The input:
- - -
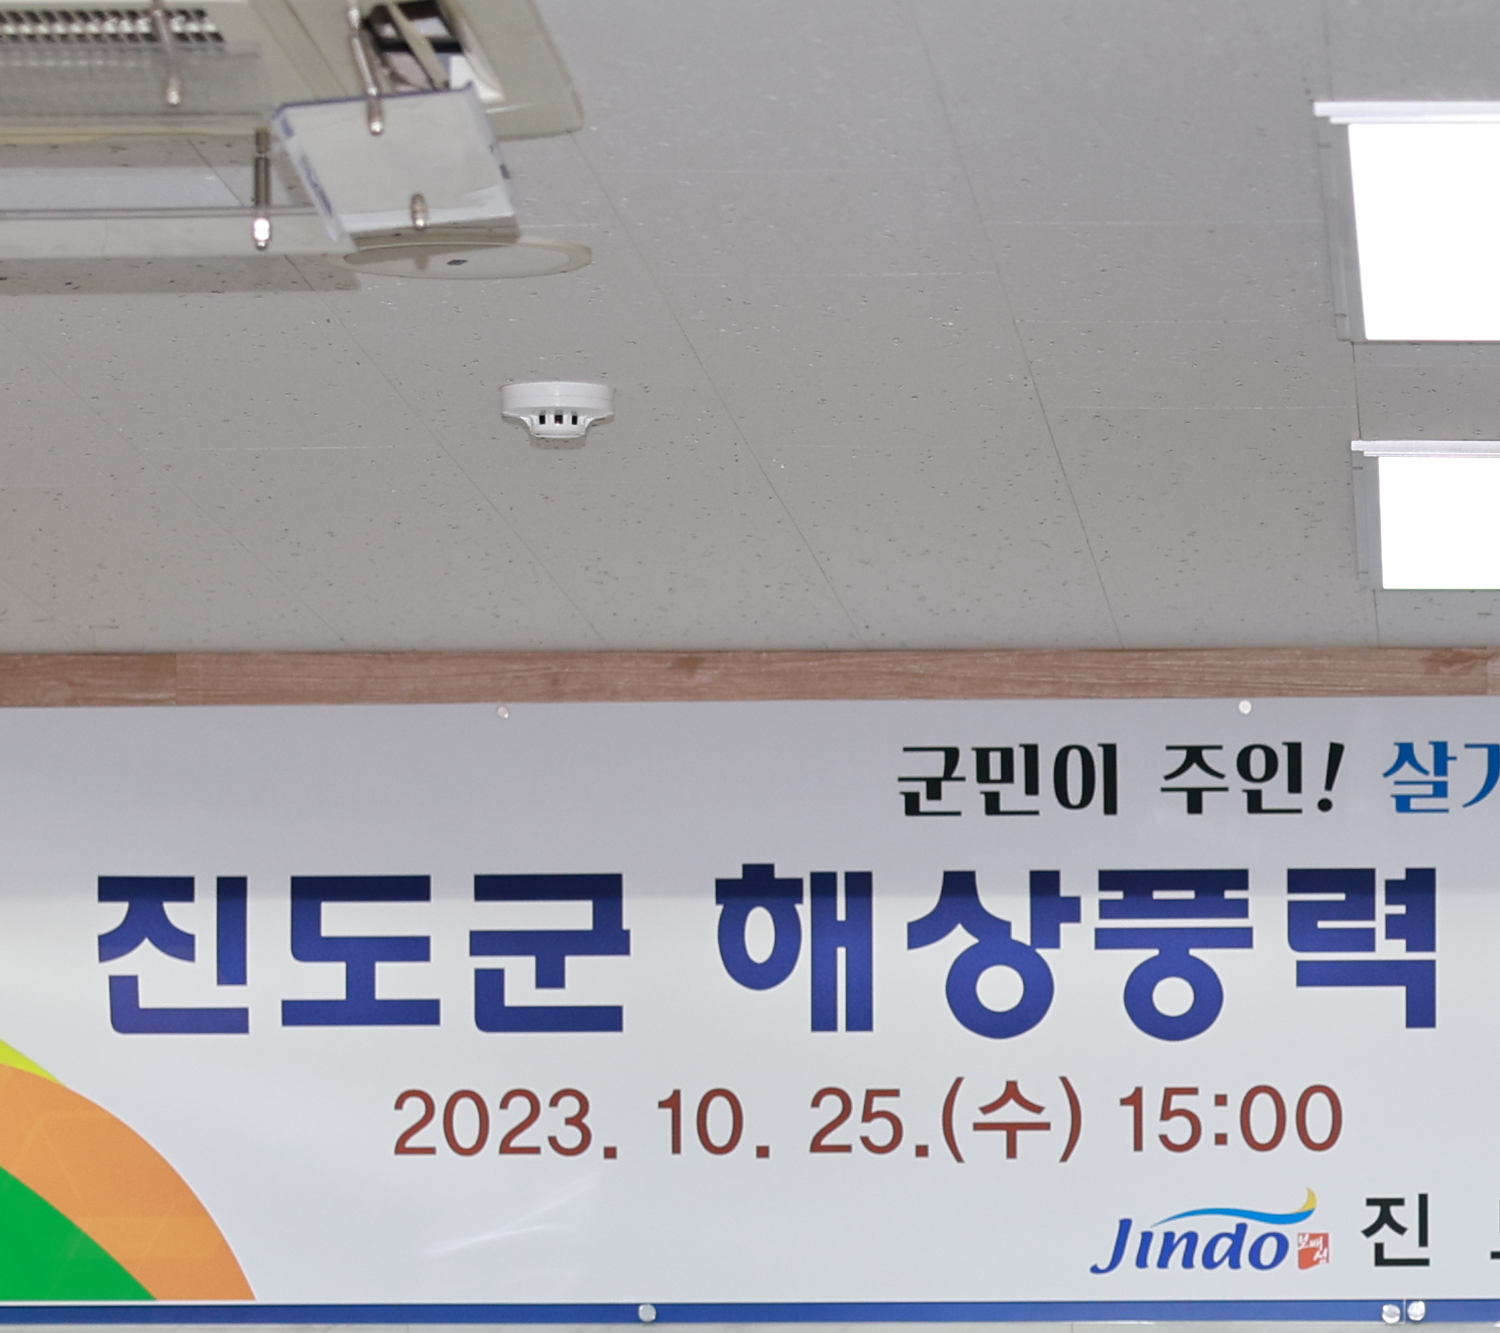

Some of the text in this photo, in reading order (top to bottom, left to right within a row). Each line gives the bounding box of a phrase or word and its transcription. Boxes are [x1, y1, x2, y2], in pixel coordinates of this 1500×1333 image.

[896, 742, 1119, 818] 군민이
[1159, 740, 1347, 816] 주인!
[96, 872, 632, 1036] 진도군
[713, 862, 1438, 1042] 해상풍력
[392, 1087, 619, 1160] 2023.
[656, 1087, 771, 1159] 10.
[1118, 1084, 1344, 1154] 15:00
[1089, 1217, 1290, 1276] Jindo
- - -
Problem description:
Return every line above exactly, omitting images.

Task answer:
Some of the text in this photo, in reading order (top to bottom, left to right within a row). Each line gives the bounding box of a phrase or word and its transcription. Boxes are [x1, y1, x2, y2], in pixel coordinates of this 1500×1333 image.

[896, 742, 1119, 818] 군민이
[1159, 740, 1347, 816] 주인!
[96, 872, 632, 1036] 진도군
[713, 862, 1438, 1042] 해상풍력
[392, 1087, 619, 1160] 2023.
[656, 1087, 771, 1159] 10.
[1118, 1084, 1344, 1154] 15:00
[1089, 1217, 1290, 1276] Jindo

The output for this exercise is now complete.